What do you know you have to offer, and what feels right? I speak for myself, but maybe it will resonate with others when I say that, when you look at someone struggling and you think, “That could have been me,” or “That was me,” your reflex – your gut reaction – your immediate solution – will draw you closer into their space. It will urgently pull you to pull them into the safe space you know they can experience, if only you fill the gap.
The Midwife Teaching in the River
When you trained for a moment such as this
Why does the midwife who wades into the river to teach babies to swim do that? Because they know how to swim. And why do they know how to swim? Because they saw someone drown before, and they said to themselves, “Not again. Not if I can help it. I will learn how to swim and I will use that knowledge when I get the chance.” Because they knew they’d get the chance.
Consider that Black women are amongst the most highly educated groups in the U.S. Consider that generations of families of color have taken tremendous risks and worked incredibly hard and sustained deep levels of racism and mistreatment in order for themselves or their children or grandchildren to achieve higher levels of education. Consider that many folks have left their communities for the sole purpose of being able to come back to serve it someday (even if they don’t always actually do that).
This is all over our communities. Many POC lawyers, doctors, athletes – we see them thread community service into their careers. Is that always the case? Is it always authentic? No, unfortunately not. But it is a commonly held shared value. Success is often perceived as communal in communities that have experienced a great deal of marginalization. Success for an individual is often seen as the result of communal investment (“I accomplished X because my auntie did Y, or my teachers said Z, or my school gave me A) and likewise success for the individual is an opportunity for many others to benefit from the fruit of their labors, in the hopes that this pattern would restore whole communities.
The Midwife Who Leaves the River to Help
When one answer is at the top, and you have a ladder, or know where one is
Why does the midwife who leaves the river, leave the river? They're going after the root to this problem and believe the root issue can be solved. Many of the problems in our society are systemic, some intentionally and maliciously. Many of the issues that Black folks and other people of color face are the result of plans and events set in motion generations and generations back, that still have consequences for present day lives.
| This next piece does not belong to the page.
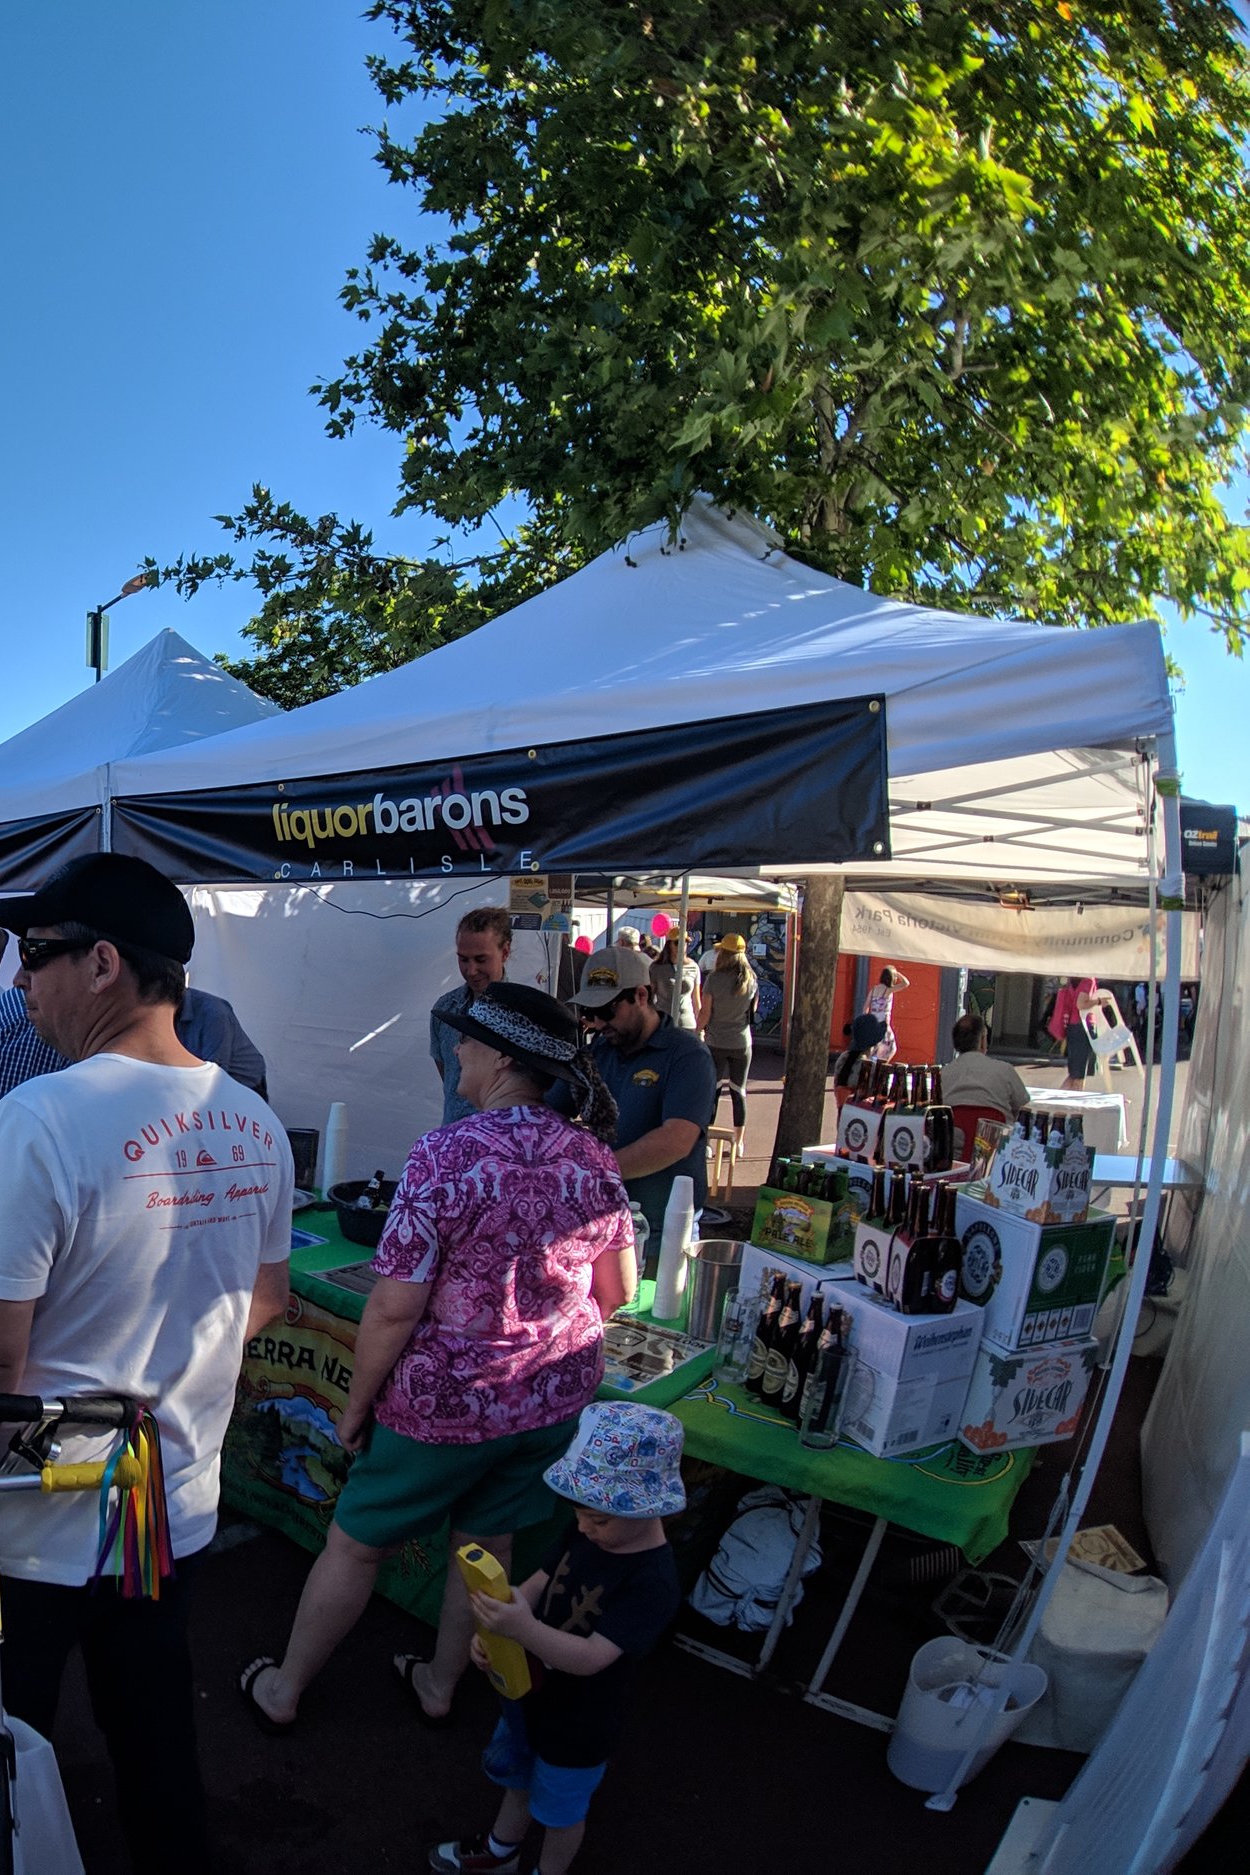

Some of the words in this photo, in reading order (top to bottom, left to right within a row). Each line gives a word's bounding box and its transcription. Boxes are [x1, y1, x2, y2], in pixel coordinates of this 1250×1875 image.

But these consequences don’t touch all lives as directly. So when someone sees them who hasn’t experienced them, or didn't even know those consequences existed, they will naturally have a slightly different reaction. They may be shocked, they may be horrified, they may feel
emotions that someone who’s seen the consequences for a long time won’t feel – not because it’s less horrifying to them but because they don’t really have the freedom to respond to the situation that way. This is why one person might cry and another person might say, “Why are you crying? Crying won’t do anything.”
Consider that white folks (not all, but a higher percentage than Black and POC folks) have more generational wealth, more individual wealth, more assets like land and property ownership, and more political and social connections – are more likely to have family members or family friends who are in high political or social places or have a greater understanding of how those systems work and how to work well in them – as well as are more likely to be welcomed or trusted or championed within those circles.
So what makes sense to do when you see a horrible thing and you know someone who must know how to change it? Go find that person and work to get that change. This requires that you leave the scene of the problem. This requires that you invest time and materials in things outside of the problem area.
The Problem and the Questions
There are no inherent problems with any of the three above approaches. But there is a problem in that these three midwives can’t save all the drowning babies alone. They each need help.
Do they need equal amounts of help? Who is going to run out of energy first? Whose role allows them to have someone else swap in for them? Whose mission requires the most physical, mental, or emotional energy? Whose lived experiences, whose privileges and powers best equip them for their roles? Whose community is best able to invest in the work they’re doing? How are each of the midwives able to assist the other two? How are their communities able to? Whose work is most often and most regularly invested in? Who gets investors, who gets fundraisers, who gets grants, who gets change dropped in the bucket? Who goes into debt to do their work? Who profits from it? Who looks down and sees their own baby in the river some days? Or their sister’s baby? Or their child’s baby? Who can reasonably become a midwife in the first place — and who can stay one?
There are resources out there. There is enough out there to sustain the midwife pulling babies from the river so they can eat and sleep and shower – swapping out with someone else until their next shift. There is enough out there to invest in the education of the second midwife, and to sustain them so they can also eat and sleep and shower until their next shift. There is enough out there to invest in the third midwife, so they can strategize, and lobby and serve some of the babies who may not be in the river at all, because those babies are still out there too, and of course they and their parents still need and deserve care also.
What I know is that all the midwives need to know each other. They all need to talk together, and eat together, and discuss how to act in complementary ways. They all need to be honored, respected and cared for – and right now in this day, particularly the ones in the water, who are treading water themselves and left out of the story. Whose work is sometimes even capitalized upon for the profit and notoriety of others.
We often see attempts at this in the form of one-off fundraising campaigns or documentaries or articles. But we need systems. We live in a country full of industries that have sustained themselves for decades — even to the detriment of others. We need a system that will sustain our life-giving work. It is more than possible.